## TASK GOAL
Output the entries below so that they read exactly as they do now.

## ENTRIES PROVIDED

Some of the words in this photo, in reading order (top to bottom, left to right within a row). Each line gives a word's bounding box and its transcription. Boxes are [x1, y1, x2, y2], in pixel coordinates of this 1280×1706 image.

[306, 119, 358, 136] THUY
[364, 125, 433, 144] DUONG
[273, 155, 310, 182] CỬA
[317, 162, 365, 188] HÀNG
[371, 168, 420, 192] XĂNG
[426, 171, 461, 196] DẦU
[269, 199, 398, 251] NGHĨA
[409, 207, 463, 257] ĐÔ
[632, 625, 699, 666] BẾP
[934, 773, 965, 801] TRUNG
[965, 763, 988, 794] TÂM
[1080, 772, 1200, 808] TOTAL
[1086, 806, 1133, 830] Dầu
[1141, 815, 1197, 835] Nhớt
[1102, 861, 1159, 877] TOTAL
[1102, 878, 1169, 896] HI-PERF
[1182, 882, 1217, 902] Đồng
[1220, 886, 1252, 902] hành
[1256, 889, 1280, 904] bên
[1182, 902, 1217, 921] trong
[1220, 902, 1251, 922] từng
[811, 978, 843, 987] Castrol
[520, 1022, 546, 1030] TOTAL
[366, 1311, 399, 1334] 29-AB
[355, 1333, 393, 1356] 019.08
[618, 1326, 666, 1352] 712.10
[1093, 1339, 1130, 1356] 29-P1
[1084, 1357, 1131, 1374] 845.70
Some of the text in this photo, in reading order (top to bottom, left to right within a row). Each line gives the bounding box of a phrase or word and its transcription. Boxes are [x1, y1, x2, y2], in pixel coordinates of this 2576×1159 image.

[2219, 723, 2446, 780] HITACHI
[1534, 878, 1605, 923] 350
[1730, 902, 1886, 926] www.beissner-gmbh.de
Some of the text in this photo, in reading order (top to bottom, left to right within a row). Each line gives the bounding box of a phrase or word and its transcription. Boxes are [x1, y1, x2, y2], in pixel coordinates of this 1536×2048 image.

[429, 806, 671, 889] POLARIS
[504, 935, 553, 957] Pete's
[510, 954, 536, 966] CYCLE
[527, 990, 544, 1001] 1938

## RESPONSE
Some of the words in this photo, in reading order (top to bottom, left to right within a row). Each line gives a word's bounding box and its transcription. Boxes are [x1, y1, x2, y2], in pixel coordinates of this 1280×1706 image.

[306, 119, 358, 136] THUY
[364, 125, 433, 144] DUONG
[273, 155, 310, 182] CỬA
[317, 162, 365, 188] HÀNG
[371, 168, 420, 192] XĂNG
[426, 171, 461, 196] DẦU
[269, 199, 398, 251] NGHĨA
[409, 207, 463, 257] ĐÔ
[632, 625, 699, 666] BẾP
[934, 773, 965, 801] TRUNG
[965, 763, 988, 794] TÂM
[1080, 772, 1200, 808] TOTAL
[1086, 806, 1133, 830] Dầu
[1141, 815, 1197, 835] Nhớt
[1102, 861, 1159, 877] TOTAL
[1102, 878, 1169, 896] HI-PERF
[1182, 882, 1217, 902] Đồng
[1220, 886, 1252, 902] hành
[1256, 889, 1280, 904] bên
[1182, 902, 1217, 921] trong
[1220, 902, 1251, 922] từng
[811, 978, 843, 987] Castrol
[520, 1022, 546, 1030] TOTAL
[366, 1311, 399, 1334] 29-AB
[355, 1333, 393, 1356] 019.08
[618, 1326, 666, 1352] 712.10
[1093, 1339, 1130, 1356] 29-P1
[1084, 1357, 1131, 1374] 845.70
Some of the text in this photo, in reading order (top to bottom, left to right within a row). Each line gives the bounding box of a phrase or word and its transcription. Boxes are [x1, y1, x2, y2], in pixel coordinates of this 2576×1159 image.

[2219, 723, 2446, 780] HITACHI
[1534, 878, 1605, 923] 350
[1730, 902, 1886, 926] www.beissner-gmbh.de
Some of the text in this photo, in reading order (top to bottom, left to right within a row). Each line gives the bounding box of a phrase or word and its transcription. Boxes are [x1, y1, x2, y2], in pixel coordinates of this 1536×2048 image.

[429, 806, 671, 889] POLARIS
[504, 935, 553, 957] Pete's
[510, 954, 536, 966] CYCLE
[527, 990, 544, 1001] 1938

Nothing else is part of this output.